The entries must be retyped exactly, down to the last line.

─── Stored data ───

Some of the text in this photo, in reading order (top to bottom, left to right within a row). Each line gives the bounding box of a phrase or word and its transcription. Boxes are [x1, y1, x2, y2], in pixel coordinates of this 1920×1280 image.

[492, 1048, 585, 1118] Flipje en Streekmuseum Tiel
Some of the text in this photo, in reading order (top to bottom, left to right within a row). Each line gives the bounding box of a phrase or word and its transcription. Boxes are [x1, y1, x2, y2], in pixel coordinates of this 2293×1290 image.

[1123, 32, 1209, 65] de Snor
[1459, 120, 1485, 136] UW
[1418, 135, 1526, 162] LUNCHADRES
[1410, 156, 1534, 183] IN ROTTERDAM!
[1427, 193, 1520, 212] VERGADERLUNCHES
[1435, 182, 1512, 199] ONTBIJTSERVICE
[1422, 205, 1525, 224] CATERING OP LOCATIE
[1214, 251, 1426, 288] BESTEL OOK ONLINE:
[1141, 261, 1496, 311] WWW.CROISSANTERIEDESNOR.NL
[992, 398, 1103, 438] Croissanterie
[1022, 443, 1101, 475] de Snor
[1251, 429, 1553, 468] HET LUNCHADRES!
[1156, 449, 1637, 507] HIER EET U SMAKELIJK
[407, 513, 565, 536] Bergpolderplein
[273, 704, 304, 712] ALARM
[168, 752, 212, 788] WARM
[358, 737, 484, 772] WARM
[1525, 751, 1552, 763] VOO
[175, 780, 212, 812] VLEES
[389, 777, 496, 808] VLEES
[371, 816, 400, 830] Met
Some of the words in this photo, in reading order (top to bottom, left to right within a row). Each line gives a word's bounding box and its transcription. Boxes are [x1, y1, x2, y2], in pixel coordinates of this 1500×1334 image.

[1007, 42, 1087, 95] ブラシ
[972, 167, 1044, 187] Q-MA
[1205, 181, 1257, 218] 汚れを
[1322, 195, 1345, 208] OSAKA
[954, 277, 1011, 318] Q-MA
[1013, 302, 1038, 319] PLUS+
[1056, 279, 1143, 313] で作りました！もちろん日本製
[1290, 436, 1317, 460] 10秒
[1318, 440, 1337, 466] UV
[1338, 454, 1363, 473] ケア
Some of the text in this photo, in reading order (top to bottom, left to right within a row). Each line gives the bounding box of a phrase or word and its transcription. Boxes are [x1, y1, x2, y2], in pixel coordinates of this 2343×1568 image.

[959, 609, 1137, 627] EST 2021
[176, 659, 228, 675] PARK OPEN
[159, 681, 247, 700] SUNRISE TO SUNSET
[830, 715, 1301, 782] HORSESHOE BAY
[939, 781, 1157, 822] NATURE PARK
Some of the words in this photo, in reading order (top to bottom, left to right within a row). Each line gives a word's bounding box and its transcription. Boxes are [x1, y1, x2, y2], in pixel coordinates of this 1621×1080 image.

───

- Answer to this exercise
Some of the text in this photo, in reading order (top to bottom, left to right within a row). Each line gives the bounding box of a phrase or word and its transcription. Boxes are [x1, y1, x2, y2], in pixel coordinates of this 1920×1280 image.

[492, 1048, 585, 1118] Flipje en Streekmuseum Tiel
Some of the text in this photo, in reading order (top to bottom, left to right within a row). Each line gives the bounding box of a phrase or word and its transcription. Boxes are [x1, y1, x2, y2], in pixel coordinates of this 2293×1290 image.

[1123, 32, 1209, 65] de Snor
[1459, 120, 1485, 136] UW
[1418, 135, 1526, 162] LUNCHADRES
[1410, 156, 1534, 183] IN ROTTERDAM!
[1427, 193, 1520, 212] VERGADERLUNCHES
[1435, 182, 1512, 199] ONTBIJTSERVICE
[1422, 205, 1525, 224] CATERING OP LOCATIE
[1214, 251, 1426, 288] BESTEL OOK ONLINE:
[1141, 261, 1496, 311] WWW.CROISSANTERIEDESNOR.NL
[992, 398, 1103, 438] Croissanterie
[1022, 443, 1101, 475] de Snor
[1251, 429, 1553, 468] HET LUNCHADRES!
[1156, 449, 1637, 507] HIER EET U SMAKELIJK
[407, 513, 565, 536] Bergpolderplein
[273, 704, 304, 712] ALARM
[168, 752, 212, 788] WARM
[358, 737, 484, 772] WARM
[1525, 751, 1552, 763] VOO
[175, 780, 212, 812] VLEES
[389, 777, 496, 808] VLEES
[371, 816, 400, 830] Met
Some of the words in this photo, in reading order (top to bottom, left to right within a row). Each line gives a word's bounding box and its transcription. Boxes are [x1, y1, x2, y2], in pixel coordinates of this 1500×1334 image.

[1007, 42, 1087, 95] ブラシ
[972, 167, 1044, 187] Q-MA
[1205, 181, 1257, 218] 汚れを
[1322, 195, 1345, 208] OSAKA
[954, 277, 1011, 318] Q-MA
[1013, 302, 1038, 319] PLUS+
[1056, 279, 1143, 313] で作りました！もちろん日本製
[1290, 436, 1317, 460] 10秒
[1318, 440, 1337, 466] UV
[1338, 454, 1363, 473] ケア
Some of the text in this photo, in reading order (top to bottom, left to right within a row). Each line gives the bounding box of a phrase or word and its transcription. Boxes are [x1, y1, x2, y2], in pixel coordinates of this 2343×1568 image.

[959, 609, 1137, 627] EST 2021
[176, 659, 228, 675] PARK OPEN
[159, 681, 247, 700] SUNRISE TO SUNSET
[830, 715, 1301, 782] HORSESHOE BAY
[939, 781, 1157, 822] NATURE PARK
Some of the words in this photo, in reading order (top to bottom, left to right within a row). Each line gives a word's bounding box and its transcription. Boxes are [x1, y1, x2, y2], in pixel coordinates of this 1621×1080 image.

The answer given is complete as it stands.